None of this is news to historians. But it is also true that dark stories from America’s past are all-too-conveniently forgotten, and so they must be retold. So on the 100th anniversary of Henry Ford purchasing the Dearborn Independent, esteemed Michigan journalist Bill McGraw told the above story in The Dearborn Historian, a tiny quarterly magazine published by the city’s historical commission and co-edited by McGraw.
Or, I should say, McGraw was going to tell the story in The Dearborn Historian, of which he was the co-editor. The mayor squelched the issue and had McGraw removed from his post, explaining that
We want Dearborn to be understood as it is today – a community that works hard at fostering positive relationships . . . This edition of The Historian could become a distraction from our continuing messages of inclusion and respect.
Fostering inclusion and respect requires pretending that exclusion and hate never happened? It seems likely that Dearborn’s mayor was much more concerned about protecting the image of Dearborn’s favorite son. (Of course, the mayor failed to take into account that squelching the article meant it would come out elsewhere).
As suggested by the Dearborn Independent’s circulation numbers, Henry Ford’s campaign of anti-Semitism had a significant impact here in the United States. For one thing, it is thanks to Ford’s newspaper and books that the Protocols of the Elders of Zion became very popular in certain corners of American culture. To give just one example, in the early 1930s William Bell Riley – the organizing genius behind American fundamentalism – turned to the Protocols for his guide to world affairs. As I noted in God’s Empire: William Bell Riley and Midwestern Fundamentalism, Riley (who was not alone among American fundamentalists in his vicious anti-Semitism) found in the Protocols the evidence that Jews were determined to establish a “king despot of Zion” who
would have absolute control of the world’s finances, education, press, and courts, and would establish a uniform atheistic religion to which all people would be required to adhere. (72)

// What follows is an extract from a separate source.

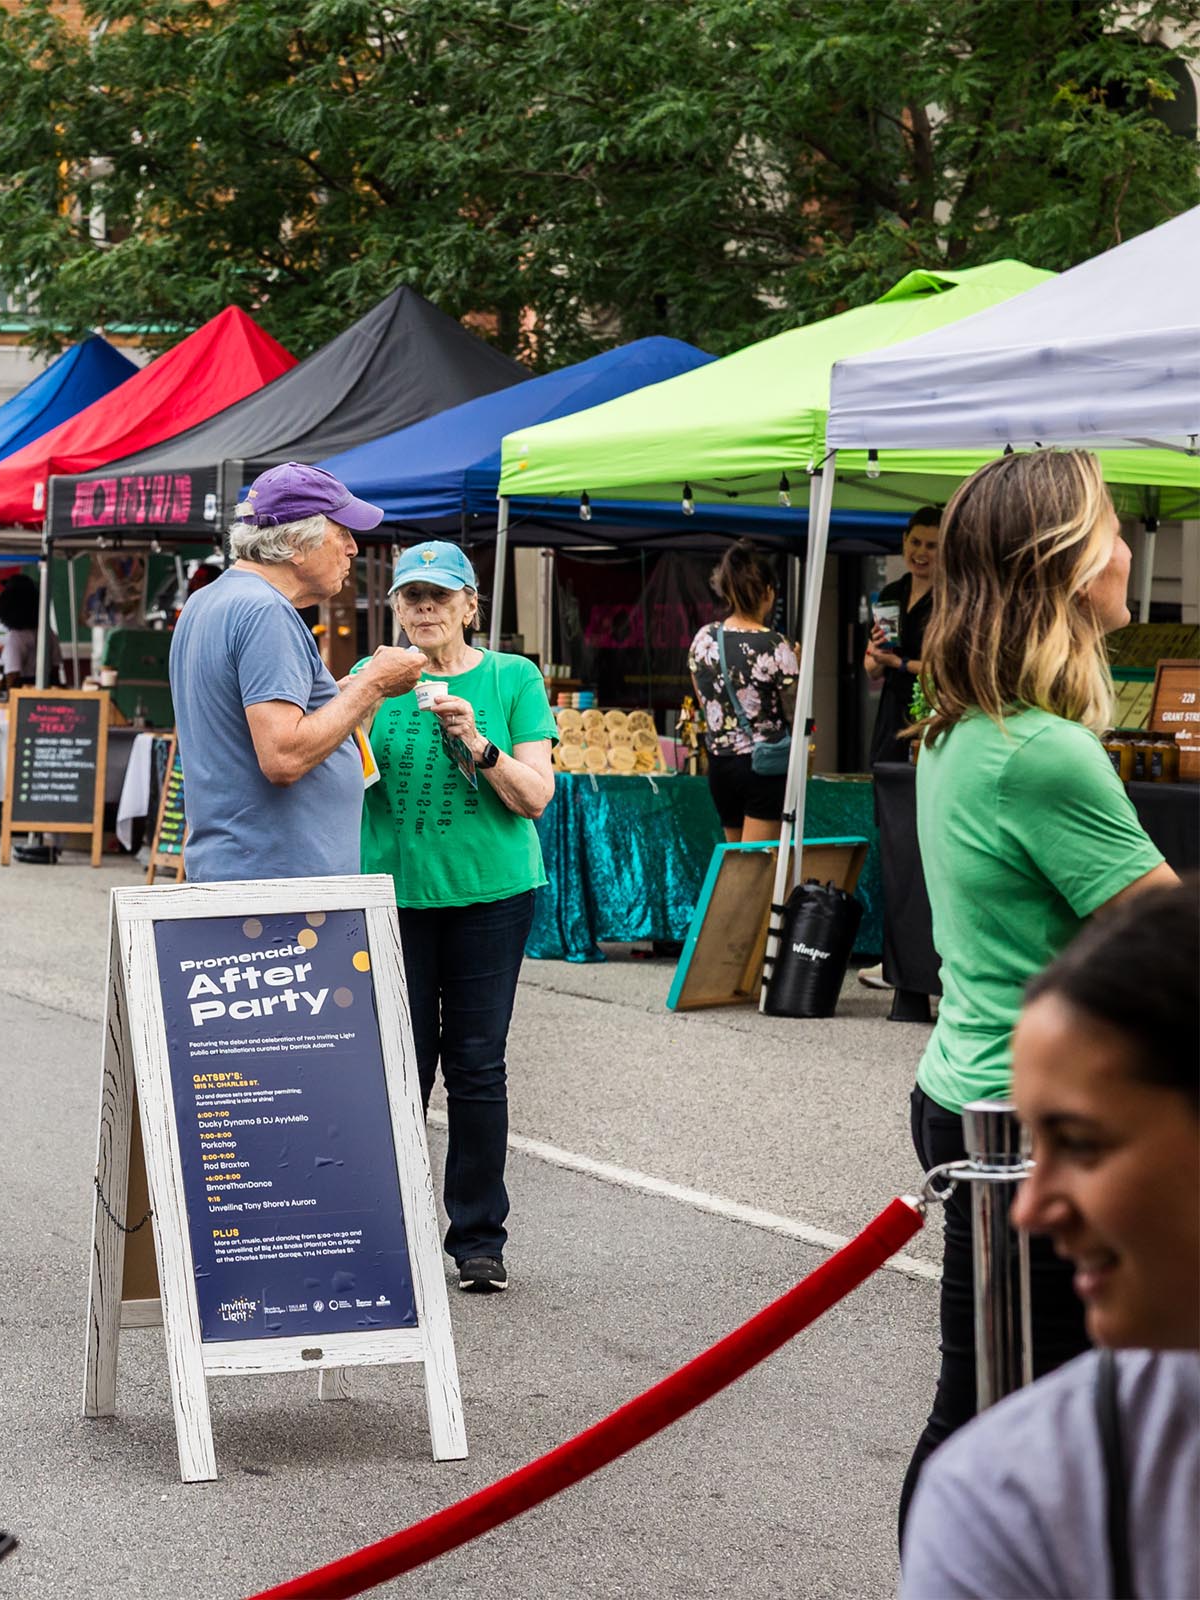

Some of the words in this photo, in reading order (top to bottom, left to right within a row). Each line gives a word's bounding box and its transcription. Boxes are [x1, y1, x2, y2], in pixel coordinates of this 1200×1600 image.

But Ford’s campaign of anti-Semitism also had a horrific global impact. The International Jew – which was first published in German in 1922 – was very popular in Germany, and proved to be an ideological inspiration for the Nazi Party. In 1931 Adolf Hitler gave an interview to a Detroit News reporter from his office, which had on the wall a huge portrait of Henry Ford. Asked about the portrait, Hitler replied that “I owe my inspiration to Henry Ford.” Ford was rewarded in 1938 – just after the German Army invaded Austria – with the Grand Cross of the Supreme Order of the German Eagle, the highest award given to foreigners by the Third Reich.
And Ford’s legacy continues to this day, as Bill McGraw discovered in his research on The Dearborn Independent. As journalist Anna Clark noted in her Columbia Journalism Review article on the squelching of McGraw’s article,
McGraw ties Ford’s legacy to the present-day hate that has been exposed in Charlottesville, Pittsburgh, and beyond. “I was totally blown away by how active Ford is” in online white supremacist forums, Mc Graw says. The industrialist is mentioned “hundreds of thousands of times.” McGraw noticed that people who appeared to be “new to the movement” were encouraged by Ford’s status, which they saw as giving legitimacy to their views. “Hey, look at this incredible American, this global celebrity: he thinks like us,” is how McGraw summarizes the posts.
Pretending that “hideous mistakes” and “frightful wrongs” did not happen does not eliminate the hideous and frightful from our past. Especially when it turns out that the past is not even past.
(Thanks to my colleague and friend John Inglis for pointing me to the Dearborn story.)